22nd June 2021 By: Donna Slater - Features Deputy Editor and Chief Photographer

The African Continental Free Trade Area (AfCFTA) will boost private sector growth and reach in the continent, panellists participating in an Infrastructure Africa session on restoring economic growth, connecting African countries and optimising the AfCFTA, on June 22, concurred.

AfCFTA policy network Ghana executive director Louis Afful said the AfCFTA was a good option to enable African markets to have access to each other and was the “best opportunity perspective” in the area of boosting intra-African trade.

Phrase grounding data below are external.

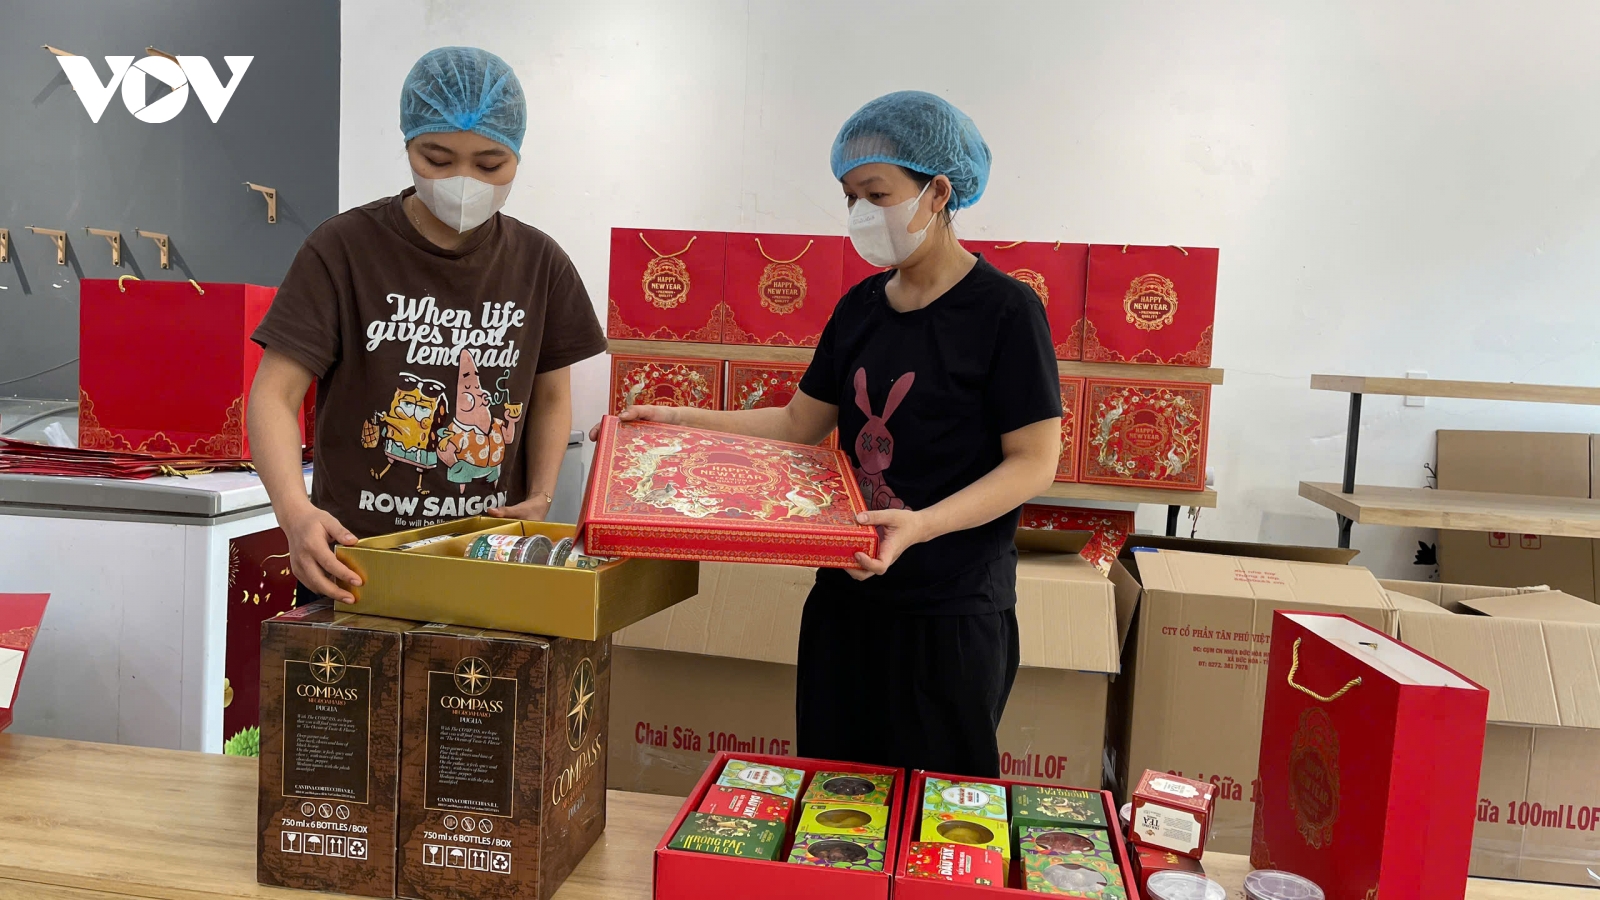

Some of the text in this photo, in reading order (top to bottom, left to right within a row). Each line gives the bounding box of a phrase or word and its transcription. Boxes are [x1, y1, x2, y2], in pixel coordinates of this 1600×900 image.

[773, 281, 793, 289] HAPPY
[781, 288, 798, 296] YEAR
[1133, 302, 1168, 311] NEW YEAR
[386, 293, 525, 338] When life
[366, 320, 505, 352] gives you
[712, 466, 750, 474] HAPPY
[731, 472, 763, 480] YEAR
[358, 490, 419, 517] ROW
[395, 517, 407, 526] life
[408, 518, 422, 527] will
[1161, 624, 1271, 645] CTY CỔ PHẦN TÂN PHÚ VIỆT
[296, 684, 358, 701] COMPASS
[315, 704, 338, 712] PUGLIA
[440, 695, 504, 713] COMPASS
[459, 716, 482, 725] PUGLIA
[635, 721, 668, 747] Chai
[672, 726, 701, 752] Sữa
[552, 733, 602, 806] COMPASS
[999, 751, 1068, 779] 0ml LOF
[1209, 774, 1242, 801] Sữa
[1143, 816, 1160, 828] TEA
[1476, 798, 1600, 831] ữa 100ml LOF
[281, 818, 295, 827] 750
[316, 821, 348, 832] BOTTLES
[352, 825, 368, 834] BOX
[423, 831, 437, 839] 750
[438, 832, 448, 840] ml
[459, 834, 491, 845] BOTTLES
[495, 838, 512, 848] BOX

He noted that Africa had not performed well in terms of countries on the continent trading with each other, especially compared with other regions of the world that had been trading “massively” among themselves for some time.

Afful stated that the AfCFTA was important because, over time, it should result in the development and implementation of one trading standardisation for African products and a uniform harmonisation of such products being registered.

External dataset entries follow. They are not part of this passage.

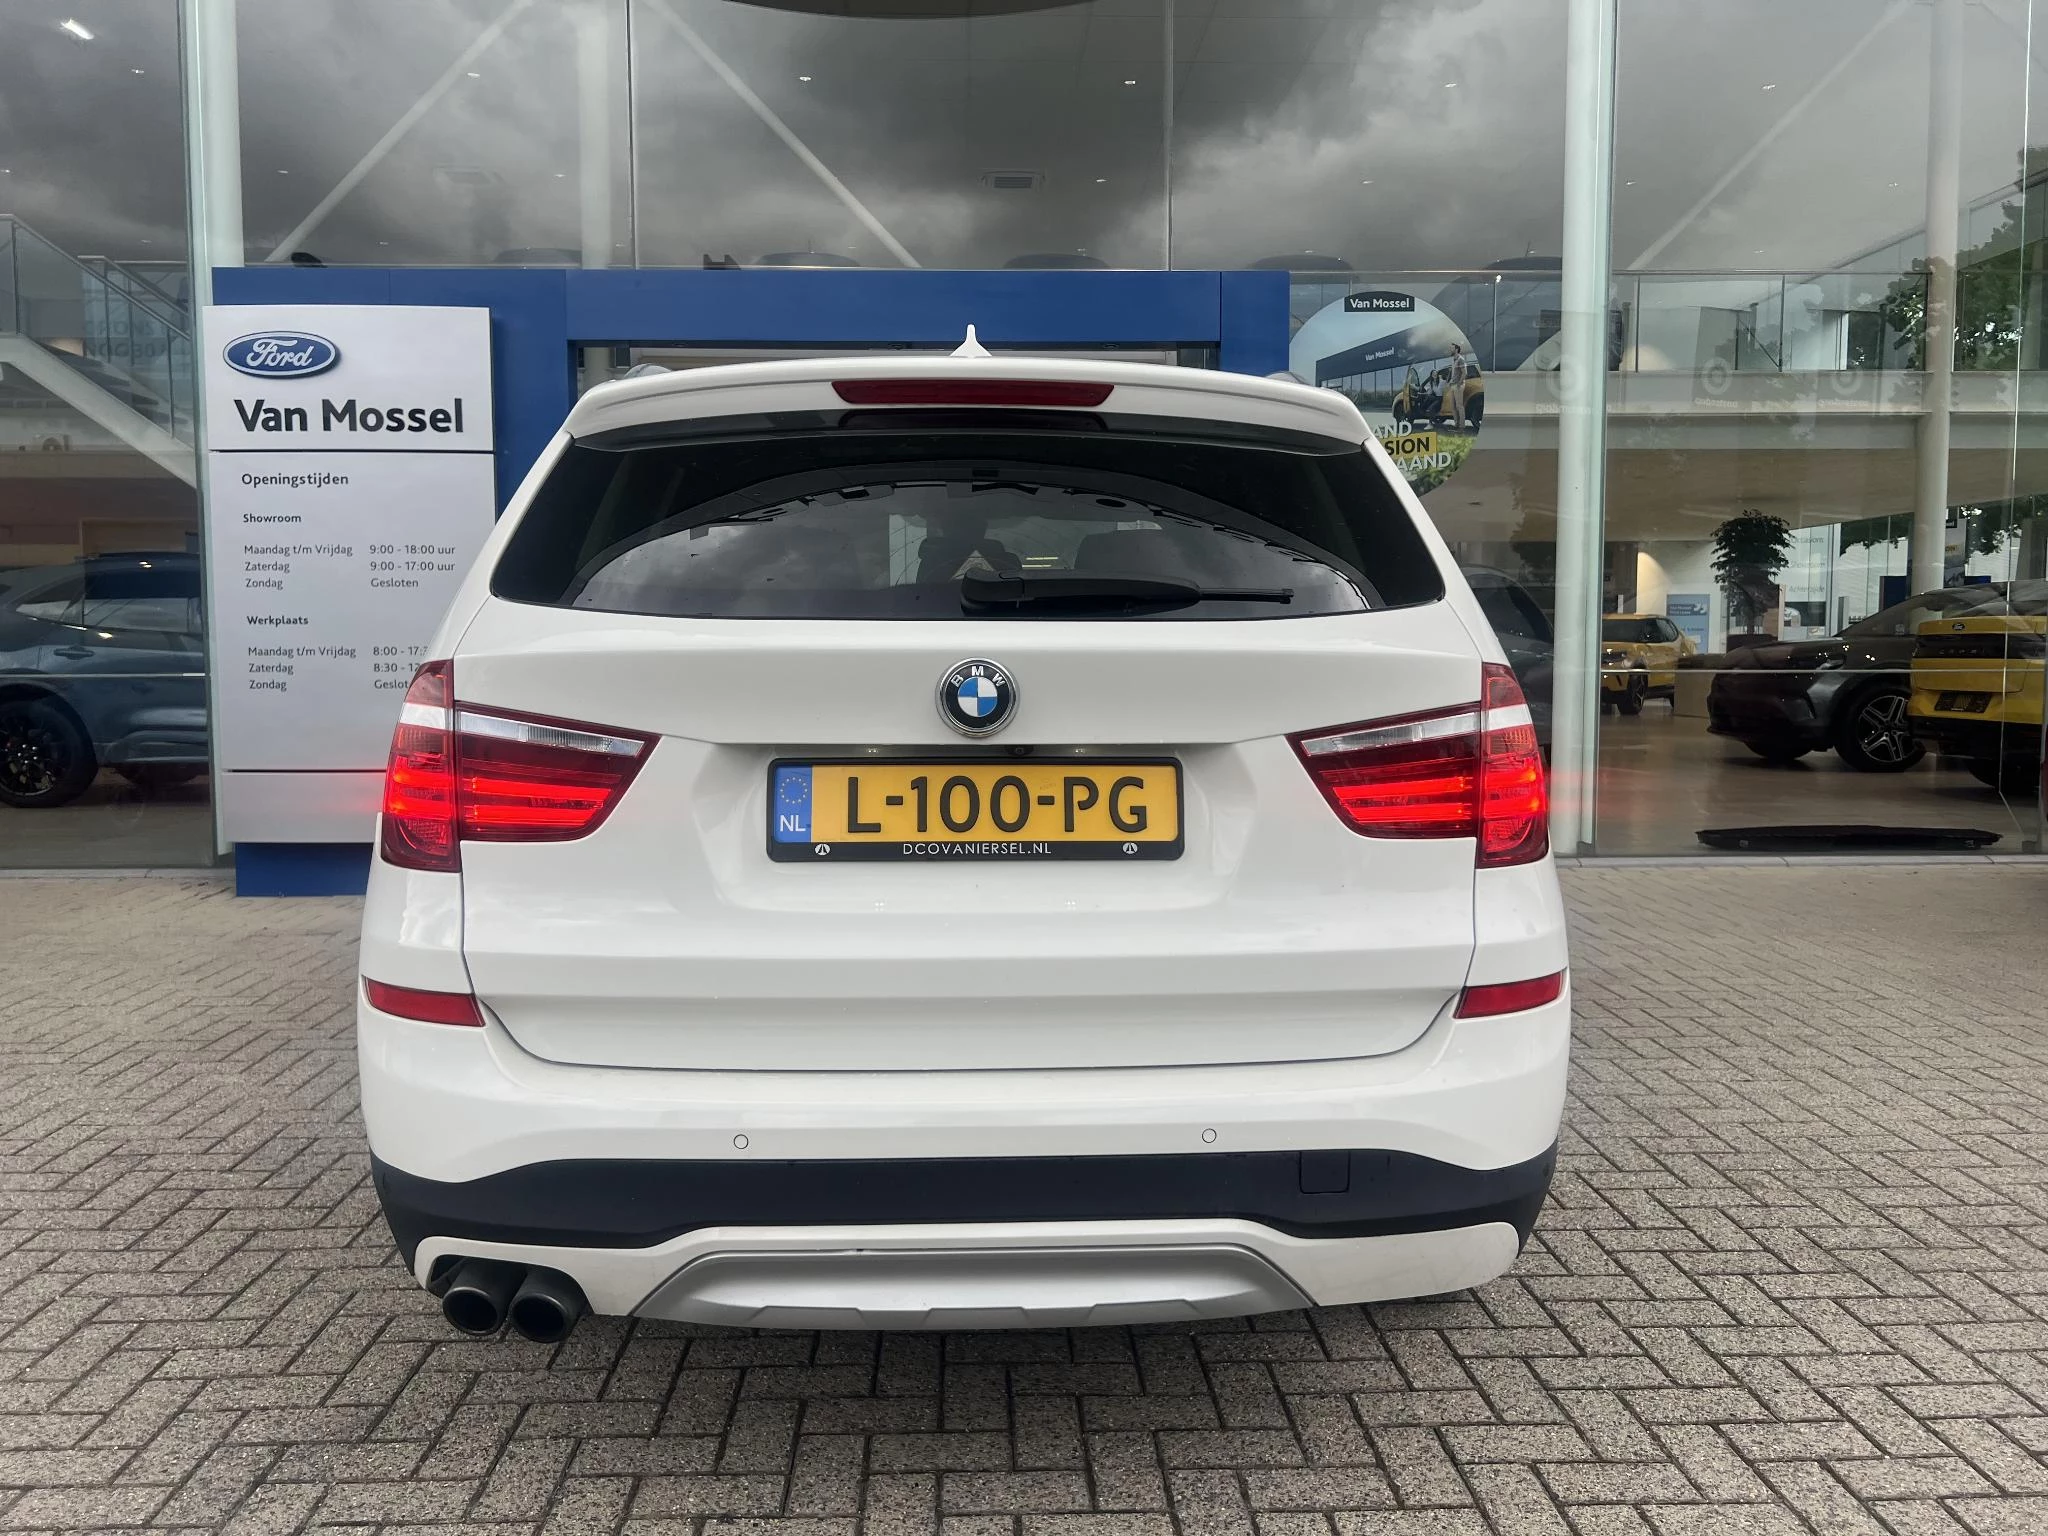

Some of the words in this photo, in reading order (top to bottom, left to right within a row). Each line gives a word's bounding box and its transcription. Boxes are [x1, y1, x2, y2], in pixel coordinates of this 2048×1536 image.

[1350, 298, 1370, 308] Van
[1372, 297, 1410, 308] Mossel
[246, 337, 314, 367] Ford
[233, 399, 308, 432] Van
[321, 398, 464, 433] Mossel
[1372, 420, 1412, 439] AND
[1384, 436, 1430, 455] SION
[1397, 451, 1452, 471] AAND
[241, 473, 349, 488] Openingstijden
[243, 513, 302, 523] Showroom
[244, 544, 291, 556] Maandag
[293, 544, 313, 555] t/m
[315, 543, 353, 557] Vrijdag
[369, 544, 394, 554] 9:00
[404, 544, 435, 554] 18:00
[437, 546, 456, 555] uur
[244, 561, 290, 573] Zaterdag
[370, 561, 395, 571] 9:00
[406, 561, 434, 571] 17:00
[437, 563, 456, 571] uur
[245, 578, 283, 590] Zondag
[370, 578, 419, 588] Gesloten
[247, 615, 309, 627] Werkplaats
[248, 647, 294, 658] Maandag
[296, 646, 316, 656] t/m
[318, 646, 356, 659] Vrijdag
[373, 646, 398, 656] 8:00
[248, 663, 293, 675] Zaterdag
[373, 662, 398, 672] 8:30
[951, 665, 1006, 688] BMW
[249, 680, 287, 692] Zondag
[374, 679, 409, 689] Geslot
[847, 775, 1148, 833] L-100-PG
[779, 814, 806, 832] NL
[902, 842, 1052, 855] DCOVANIERSEL.NL

Further, he said the agreement would enable products that had been historically rejected for export because of certain “technical barriers” to be redirected to other parts of Africa.

This, said Afful, was good for governments because it would result in a strategic opening of economies through the manufacturing and industrialisation agenda.

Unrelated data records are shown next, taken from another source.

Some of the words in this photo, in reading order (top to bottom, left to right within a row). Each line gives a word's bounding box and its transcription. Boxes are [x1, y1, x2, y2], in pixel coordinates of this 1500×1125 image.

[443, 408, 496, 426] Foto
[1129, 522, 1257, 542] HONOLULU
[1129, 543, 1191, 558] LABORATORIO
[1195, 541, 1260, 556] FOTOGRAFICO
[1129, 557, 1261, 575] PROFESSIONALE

He added that it was also imperative because it would create one market, which would lead to one customs union and potentially one currency, one central bank and one passport. “It is an agenda that is going to go steadily.”

However, Afful said the AfCFTA was not just about trading goods, but also about trading services, competition policies, investments, intellectual property rights, e-commerce and other protocols.

TRANSPORT

African Rail Industry Association CEO Mesela Nhlapo said the AfCFTA was an instrument that could bring about the vision that Africans were looking for, from an African perspective.

She says Africans, embracing the AfCFTA, should no longer continue being separated from each other and that to achieve the most benefits from the trade agreement, they had to work together.

One key area of development and integration was that of transport, where Nhlapo said shifts needed to be made away from road-based transport which fulfilled 90% of the needs of transporting goods and people in Africa.

She added that Africans needed to ensure they were more efficient and that they could control their own economies.

Bosch Africa president Dr Markus Thill, speaking in his capacity as African Association of Automotive Manufacturers VP, said the automotive industry in Africa, although small, needed closer collaboration between government and the private sector to make a decent automotive industry in Africa a reality.

He noted that South Africa, Morocco and Egypt had some vehicle manufacturing capacity, but that there was little local value add localisation, leading to few jobs being available the sector.

He added that the situation was exacerbated by the fact that Africa imported used vehicles to sell in its automotive markets, and was once described by an African President as “the junkyard of the world”.

Changing Africa’s image required scale and this was where the AfCFTA came into play, said Thill.